Gaza under fire: Children found next to dead mothers
AP
Fire and smoke caused by an explosion from Israeli military operations is seen on the outskirts of Gaza City
Four small starving children too weak to stand were found next to the bodies of their dead mothers by ambulancemen who had been trying to reach their Gaza neighbourhood for four days after it came under Israeli attack, the Red Cross said yesterday.
In what the International Committee of the Red Cross (ICRC) called a "shocking incident", another man, also too weak to stand, was found in the same bombed house, along with at least 12 corpses on mattresses.
Accusing Israel of violating international law by imposing "unacceptable" delays on rescuers trying to reach the scene, the ICRC said that when ambulance crews were finally allowed to access the area in Gaza City's Zeitoun district during a bombardment pause on Wednesday, they found 15 other survivors, including several wounded in another house. In a third house, they found three more corpses.
The ICRC said that because the military had erected large earth walls around the site, the crews were forced to use donkey carts to convey the children and the wounded to ambulances. Pierre Wettach, the ICRC's head of delegation for Israel and the Occupied Palestinian Territories, said: "The Israeli military must have been aware of the situation but did not assist the wounded. Neither did they make it possible for us or the Palestine Red Crescent to assist the wounded."
The organisation accused the Israeli military of "violating its obligations under international law to care for and evacuate the wounded". The criticism was unusual as it generally refrains from publicly attacking the conduct of warring parties in conflict zones.
The Zeitoun district has been the focus of heavy fighting and Red Cross rescuers yesterday recovered 105 injured people there, according to a spokesman Iyad Nasr. There were especially heavy casualties among the extended Samouni family when the compound, in which they had been told by the military to shelter the previous day, was shelled early on Monday morning. The bombardment occurred after one person had tried to leave, according to family members.
Details remain sketchy, but the Israeli human rights organisation B'Tselem yesterday produced testimony from Meysa Fawzi a-Samouni, 19, who lost her husband among the "20 to 30" dead in the attack. She and her infant daughter had managed to get to hospital after being given first aid by Israeli soldiers keeping other male members of the clan captive in another house.
Mrs Samouni told B'Tselem field officers: "When the missile struck, I lay down with my daughter under me... After the smoke and dust cleared a bit, I looked around and I saw 20 to 30 people who were dead, and about 20 who were wounded." The agency said it had not been able to cross-check the testimony as normal due to the conditions in Gaza.

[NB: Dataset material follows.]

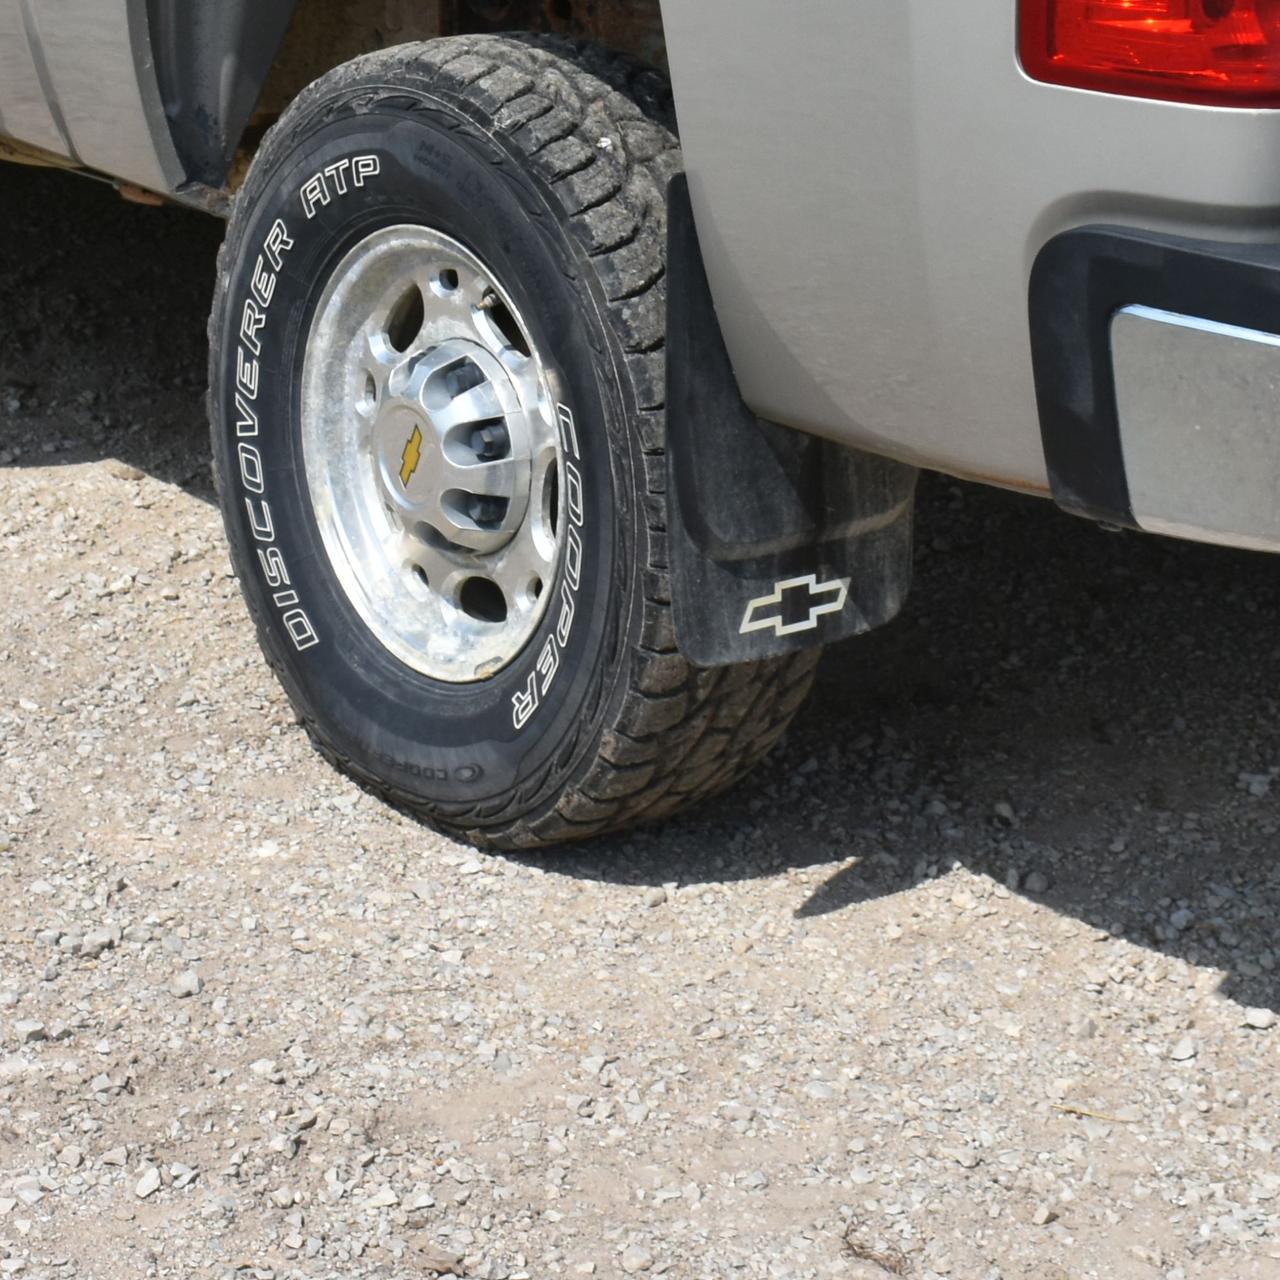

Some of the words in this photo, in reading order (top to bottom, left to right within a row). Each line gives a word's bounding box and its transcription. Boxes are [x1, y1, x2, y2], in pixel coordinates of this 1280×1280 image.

[300, 154, 381, 219] ATP
[235, 219, 320, 651] DISCOVERER
[511, 402, 583, 730] COOPER

Israel said it would investigate any formal complaint but stressed that delays in allowing ICRC to reach casualties were a result of fighting and again accused Hamas of using Gaza civilians as human shields. The Israeli military said it was co-operating to help civilians. "The IDF [Israel Defence Forces] in no way intentionally targets civilians and has demonstrated its willingness to abort operations to save civilian lives and risk injury in order to assist innocent civilians."
Other aid agencies have also complained about the difficulty of moving around Gaza. Geoff O'Donoghue, of Cafod, said that a three-hour occasional halt to military activities was "insufficient to allow meaningful movements to reach those in need".